Address correspondence to David Kindig, M.D., Ph.D., Professor Emeritus, Department of Population Health Sciences, University of Wisconsin Medical School, 760 WARF, 610 Walnut St., Madison, WI 53726-2397. Patricia Day is a Senior Research Fellow, Centre for the Analysis of Social Policy, Department of Social and Policy Sciences, the University of Bath, Bath, England. Daniel M. Fox is President, Milbank Memorial Fund, New York. Mark Gibson, M.D., is a Program Officer, Milbank Memorial Fund, New York. James Knickman, Ph.D., is Vice President for Research and Development, The Robert Wood Johnson Foundation, Princeton, NJ. Jonathan Lomas is Executive Director, Canadian Health Services Research Foundation, Ottawa, ON. Gregory Stoddart is Professor of Clinical Epidemiology and Biostatistics, McMaster University Health Science Centre, Hamilton, ON.

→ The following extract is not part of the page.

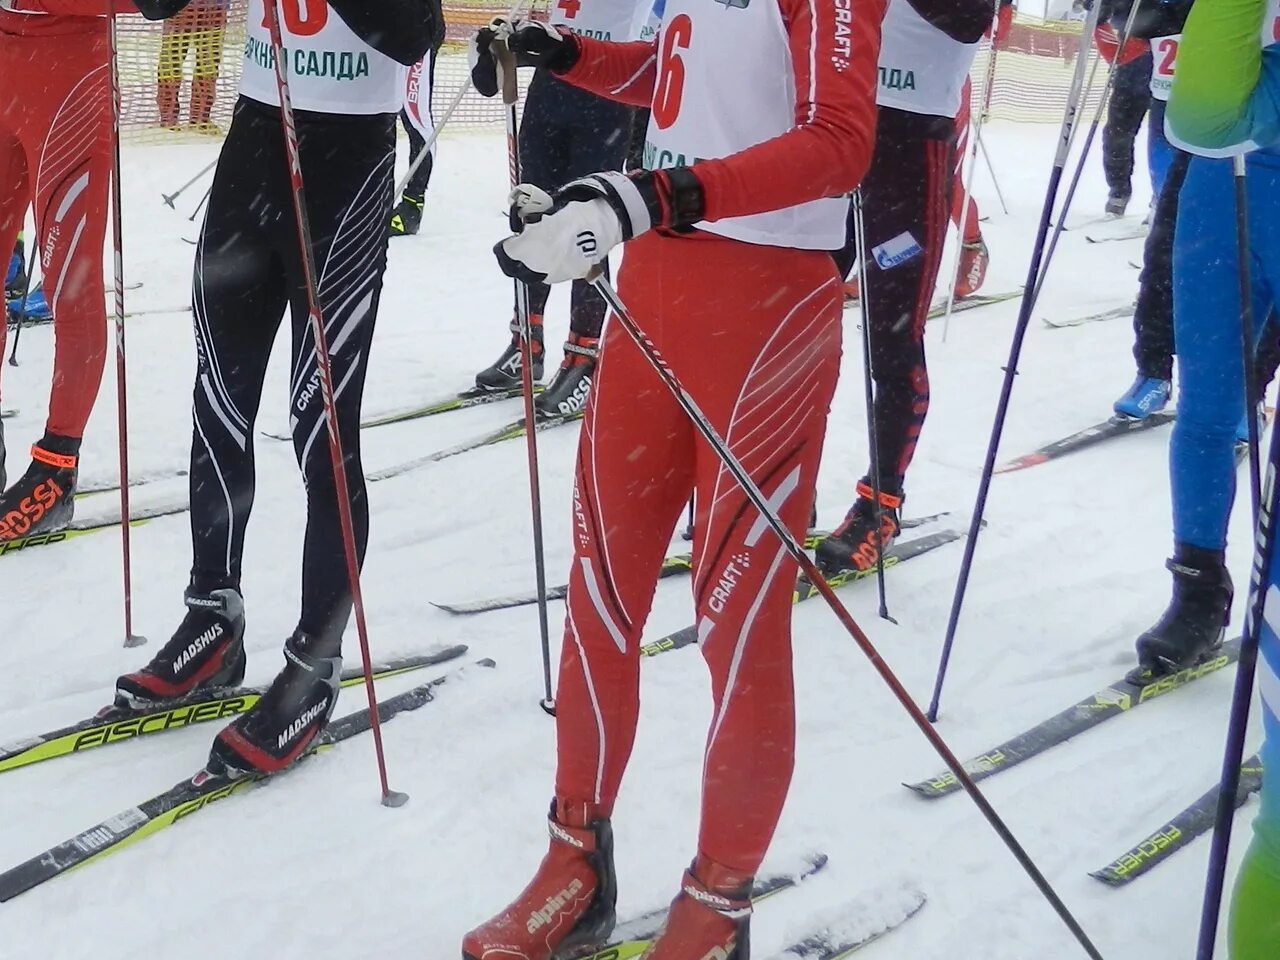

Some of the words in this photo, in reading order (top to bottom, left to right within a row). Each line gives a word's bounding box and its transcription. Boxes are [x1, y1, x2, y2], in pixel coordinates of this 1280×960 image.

“How much, then, should go for medical care, and how much for other programs affecting health such as pollution control, fluoridation of water, accident prevention, and the like? There is no simple answer, partly because the question has rarely been explicitly asked.” Victor Fuchs wrote this sentence in his 1974 book Who Shall Live? (Fuchs 1974). In this same period, Michael Grossman published his seminal work on the health production function, which elucidated from one theoretical perspective how some determinants of health might interact to produce health outcomes (Grossman 1972). Twenty-five years later there is a growing scholarly and policy appreciation that producing health comes from much more than medical care, and that optimizing health outcomes requires a balanced investment strategy across all determinants (Evans and Stoddart 1990).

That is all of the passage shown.